Eine Übertragung eingeräumter Nutzungsrechte auf Dritte ist nicht zulässig.

Sofern bei einer berechneten Veranstaltung Musiker mitwirken, ist der GEMA eine Aufstellung (Musikfolge) über die bei der Veranstaltung benutzten Werke unmittelbar nach der Aufführung zu übersenden (§ 42 Abs. 2 VGG). Die Vertragsparteien vereinbaren, dass die Übersendung der Aufstellung über die bei der Veranstaltung genutzten Werke nach § 42 Abs. 2 VGG unter Nutzung des Online-Portals der GEMA (www.gema.de/portal) erfolgt. Alternativ können die von der GEMA zur Verfügung gestellten Formulare genutzt werden. Übersendungen, die abweichend von Satz 1 und 2 erfolgen, gelten nicht als Erfüllung der Verpflichtung aus § 42 Abs. 2 VGG und werden von der GEMA unbearbeitet zurückgewiesen. Zulässige Formulare können Sie telefonisch über die folgende Rufnummer anfordern: 030 588 58 999.

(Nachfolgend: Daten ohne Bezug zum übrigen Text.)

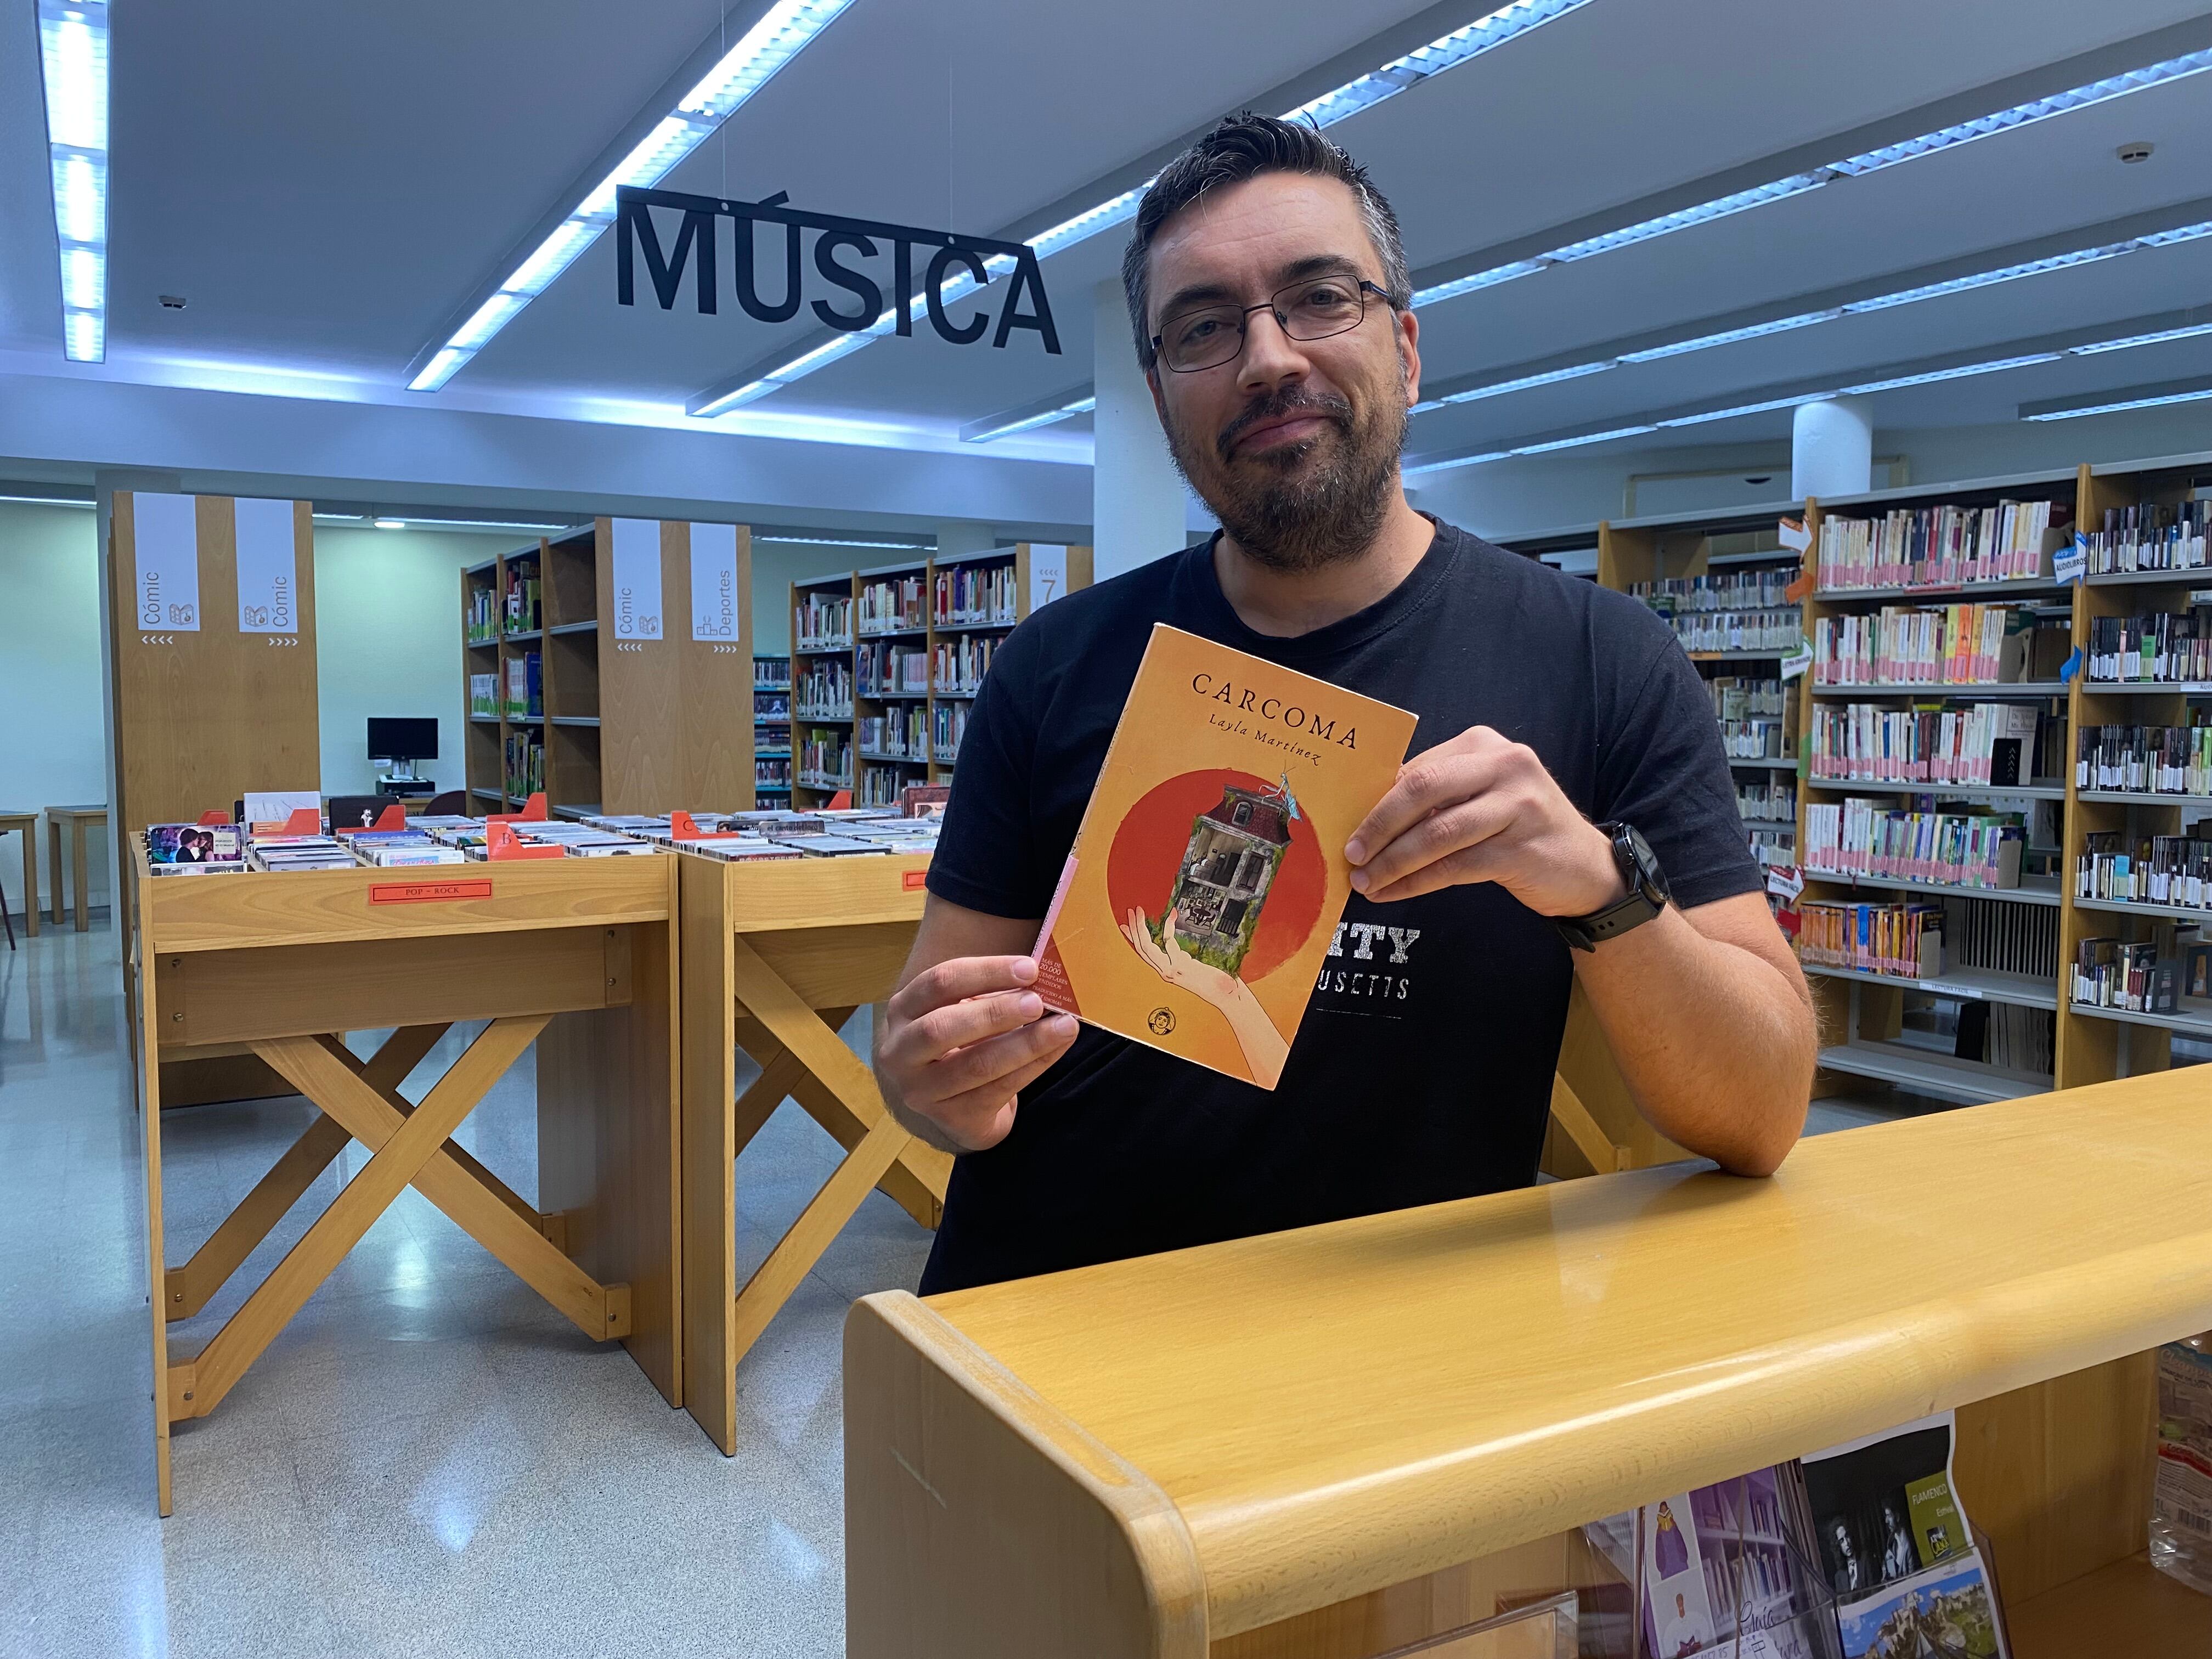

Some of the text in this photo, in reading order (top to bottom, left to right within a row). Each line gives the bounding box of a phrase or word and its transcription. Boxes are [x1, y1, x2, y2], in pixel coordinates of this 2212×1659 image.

[617, 185, 1062, 356] MÚSICA
[2056, 557, 2086, 571] AUDIOLIBROS
[143, 572, 161, 624] Cómic
[272, 576, 289, 627] Cómic
[719, 570, 733, 636] Deportes
[1041, 579, 1056, 604] 7
[619, 588, 632, 634] Cómic
[1192, 674, 1356, 749] CARCOMA
[1209, 714, 1322, 766] Layla Martínez
[683, 820, 695, 832] C
[502, 833, 511, 845] B
[434, 887, 460, 895] ROCK
[1039, 963, 1062, 975] 20.000
[1041, 957, 1053, 966] MÁS
[1038, 970, 1068, 985] JEMPLARES
[1912, 1483, 1948, 1505] FLAMENCO
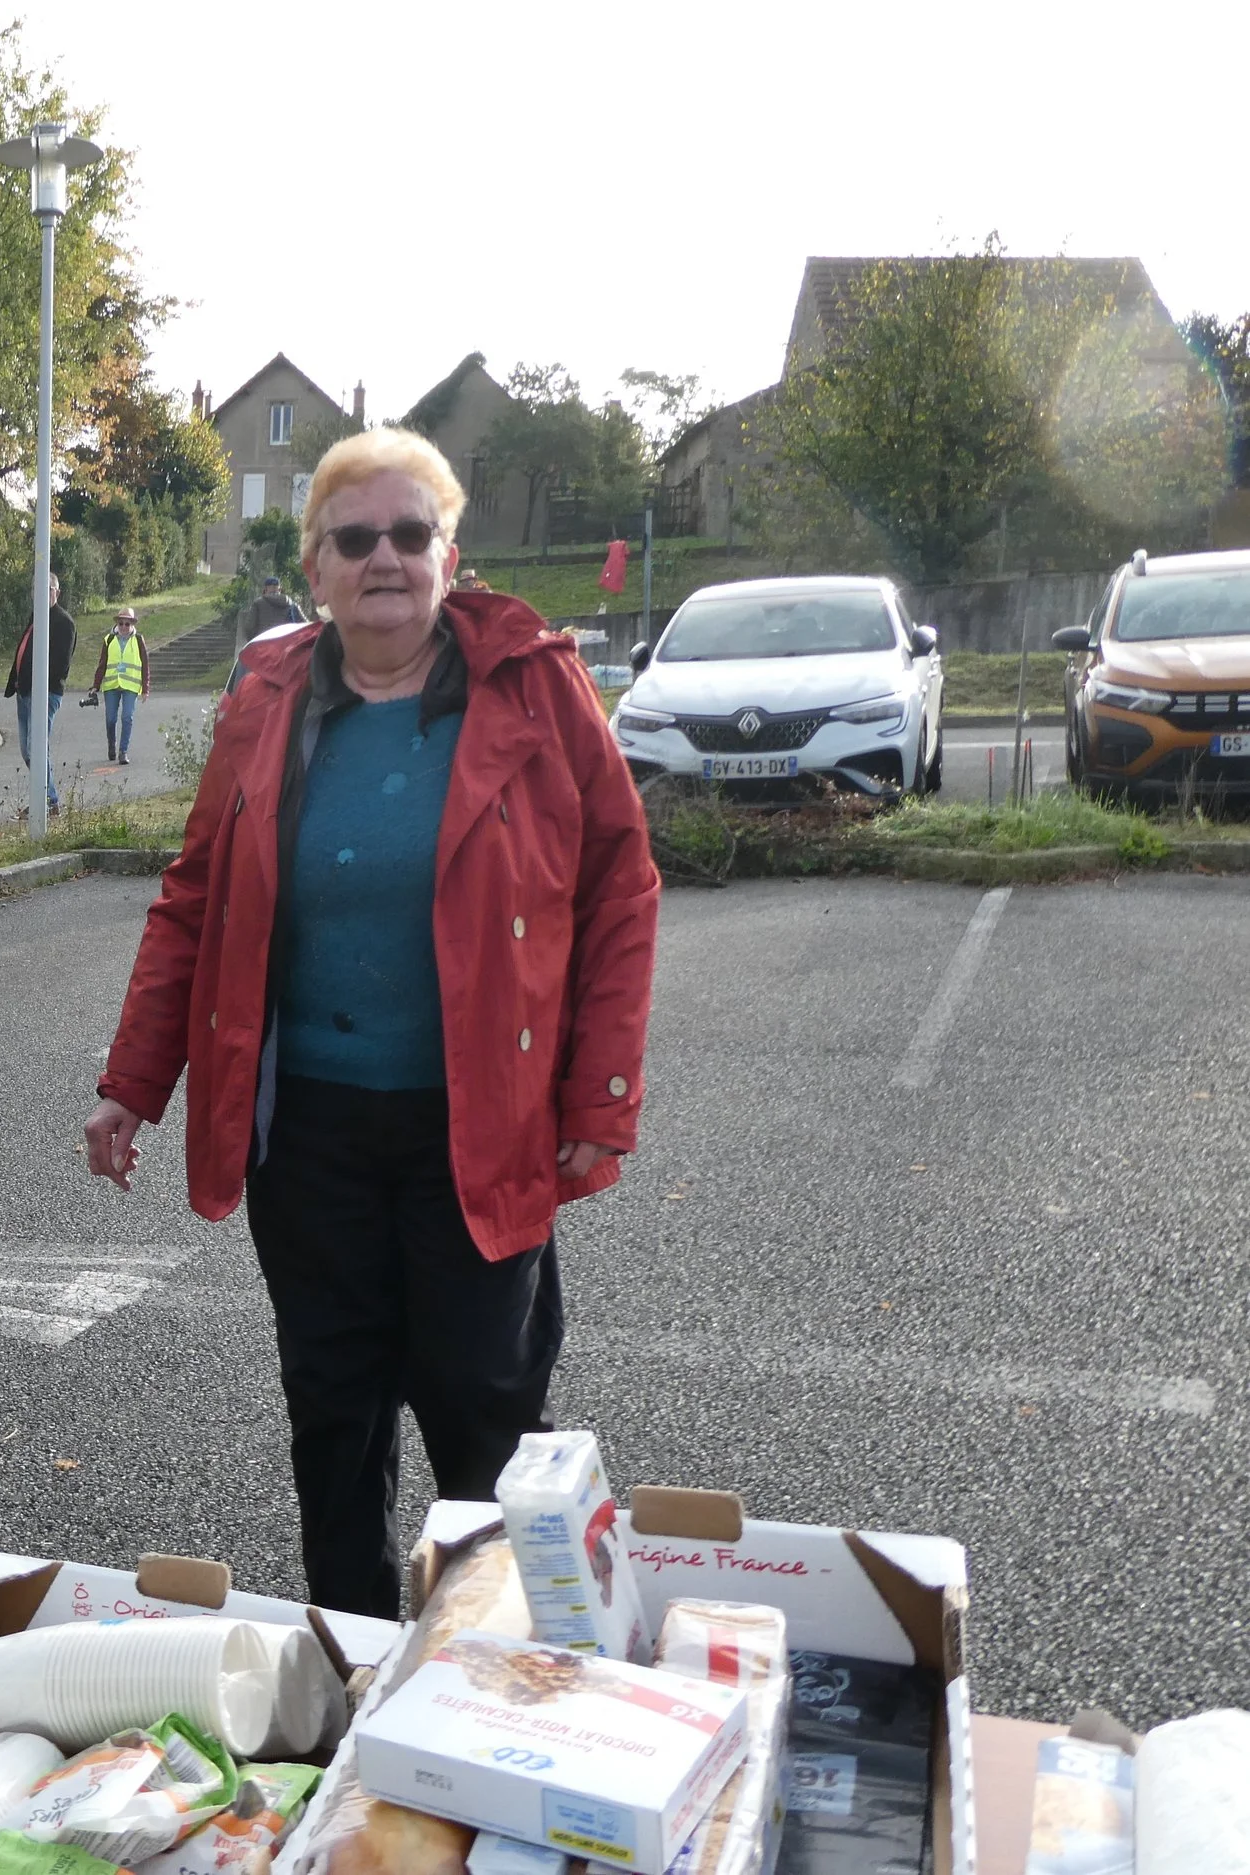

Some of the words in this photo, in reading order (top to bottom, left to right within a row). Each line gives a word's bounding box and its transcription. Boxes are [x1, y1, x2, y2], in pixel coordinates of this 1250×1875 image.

[713, 758, 787, 776] GV-413-DX
[627, 1544, 705, 1572] rigine
[712, 1547, 809, 1576] France
[669, 1704, 705, 1722] x6
[575, 1728, 657, 1758] CHOCOLAT

Anträge zur Änderung der Stammdaten (Änderung von Unternehmens-, Kontakt-, Adressdaten, Bankverbindungen und Verbandsmitgliedschaften)oder Angemessenheitsanträge nach Tarif U-V. M-V, U-St und M-CD sind über das Online-Portal (www.gema.de/portal) der GEMA einzureichen. Alternativ können die von der GEMA zur Verfügung gestellten Formulare genutzt werden.  Übersendungen, die abweichend von Satz 1 und 2 erfolgen, können von der GEMA unbearbeitet zurückgewiesen werden.

Reklamationen sind über das Online-Portal (www.gema.de/portal) der GEMA einzureichen. Alternativ können die von der GEMA zur Verfügung gestellten Formulare genutzt werden.  Übersendungen, die abweichend von Satz 1 und 2 erfolgen, können von der GEMA unbearbeitet zurückgewiesen werden.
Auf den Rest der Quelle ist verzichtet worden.